> _Saved entries_:
__________
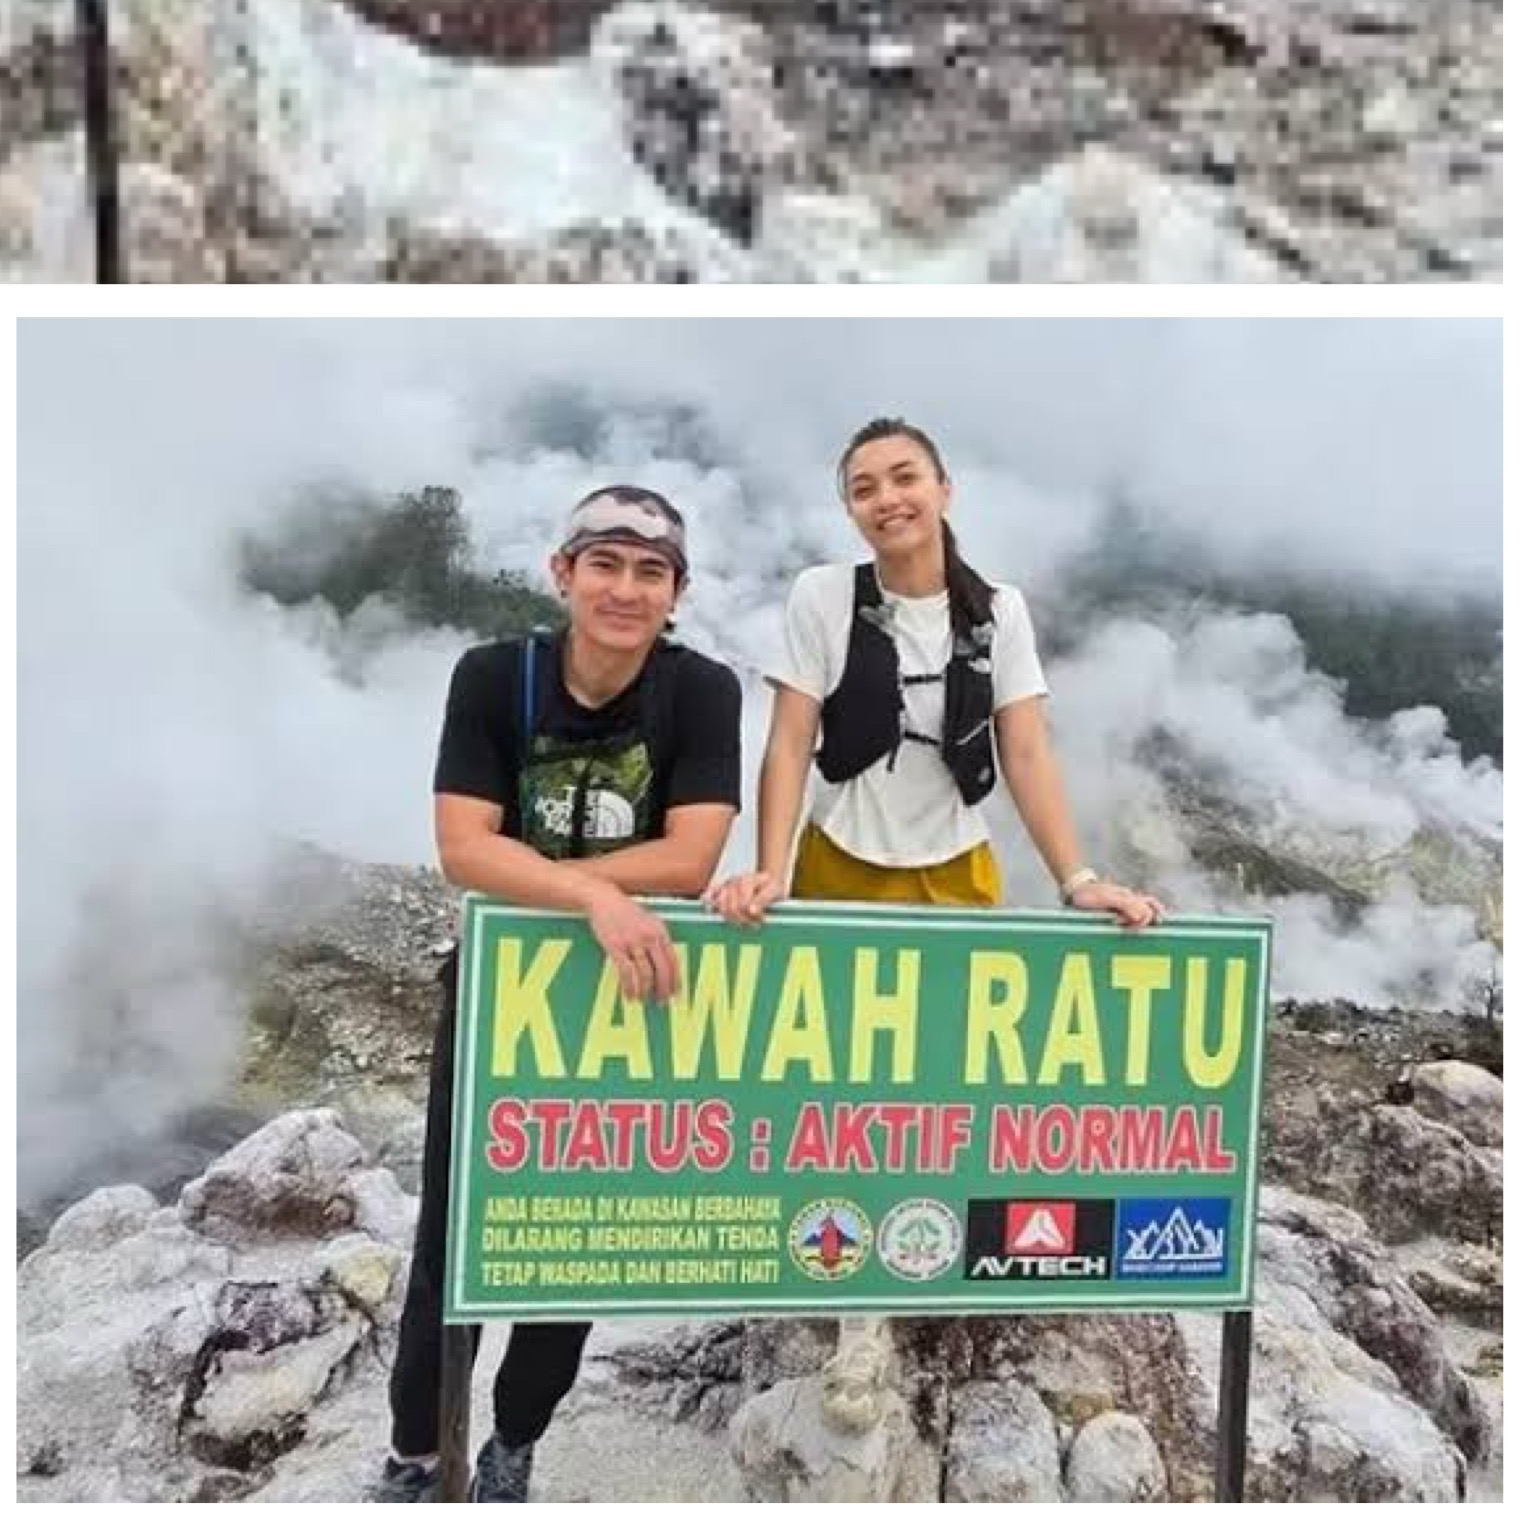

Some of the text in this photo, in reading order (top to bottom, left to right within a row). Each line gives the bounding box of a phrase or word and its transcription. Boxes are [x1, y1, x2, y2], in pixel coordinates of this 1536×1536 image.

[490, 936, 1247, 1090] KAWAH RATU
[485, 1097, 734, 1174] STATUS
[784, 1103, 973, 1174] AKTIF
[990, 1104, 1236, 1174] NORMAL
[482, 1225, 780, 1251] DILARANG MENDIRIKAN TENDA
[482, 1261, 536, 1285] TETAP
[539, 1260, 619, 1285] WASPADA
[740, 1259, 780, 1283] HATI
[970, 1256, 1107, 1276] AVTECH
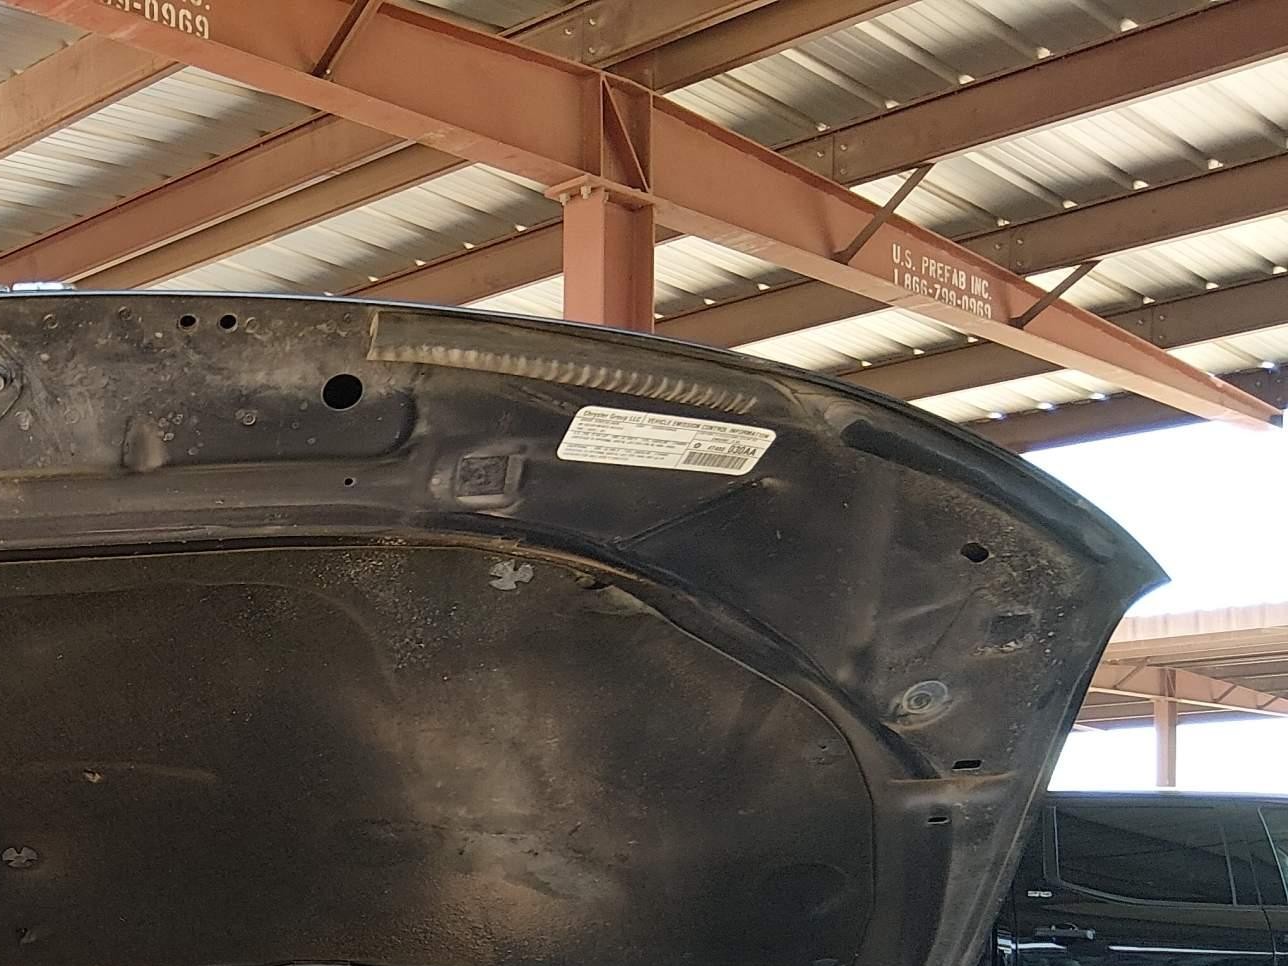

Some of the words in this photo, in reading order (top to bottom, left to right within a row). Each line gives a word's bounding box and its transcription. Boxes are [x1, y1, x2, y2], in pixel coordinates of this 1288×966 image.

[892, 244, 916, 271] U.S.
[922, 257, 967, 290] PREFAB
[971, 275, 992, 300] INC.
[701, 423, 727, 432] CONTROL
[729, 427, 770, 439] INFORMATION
__________
Set down the entries above exactly; no pictures belong in the copy.

Some of the text in this photo, in reading order (top to bottom, left to right within a row). Each line gives the bounding box of a phrase or word and its transcription. Boxes are [x1, y1, x2, y2], in pixel coordinates of this 1536×1536 image.

[490, 936, 1247, 1090] KAWAH RATU
[485, 1097, 734, 1174] STATUS
[784, 1103, 973, 1174] AKTIF
[990, 1104, 1236, 1174] NORMAL
[482, 1225, 780, 1251] DILARANG MENDIRIKAN TENDA
[482, 1261, 536, 1285] TETAP
[539, 1260, 619, 1285] WASPADA
[740, 1259, 780, 1283] HATI
[970, 1256, 1107, 1276] AVTECH

Some of the words in this photo, in reading order (top to bottom, left to right within a row). Each line gives a word's bounding box and its transcription. Boxes are [x1, y1, x2, y2], in pixel coordinates of this 1288×966 image.

[892, 244, 916, 271] U.S.
[922, 257, 967, 290] PREFAB
[971, 275, 992, 300] INC.
[701, 423, 727, 432] CONTROL
[729, 427, 770, 439] INFORMATION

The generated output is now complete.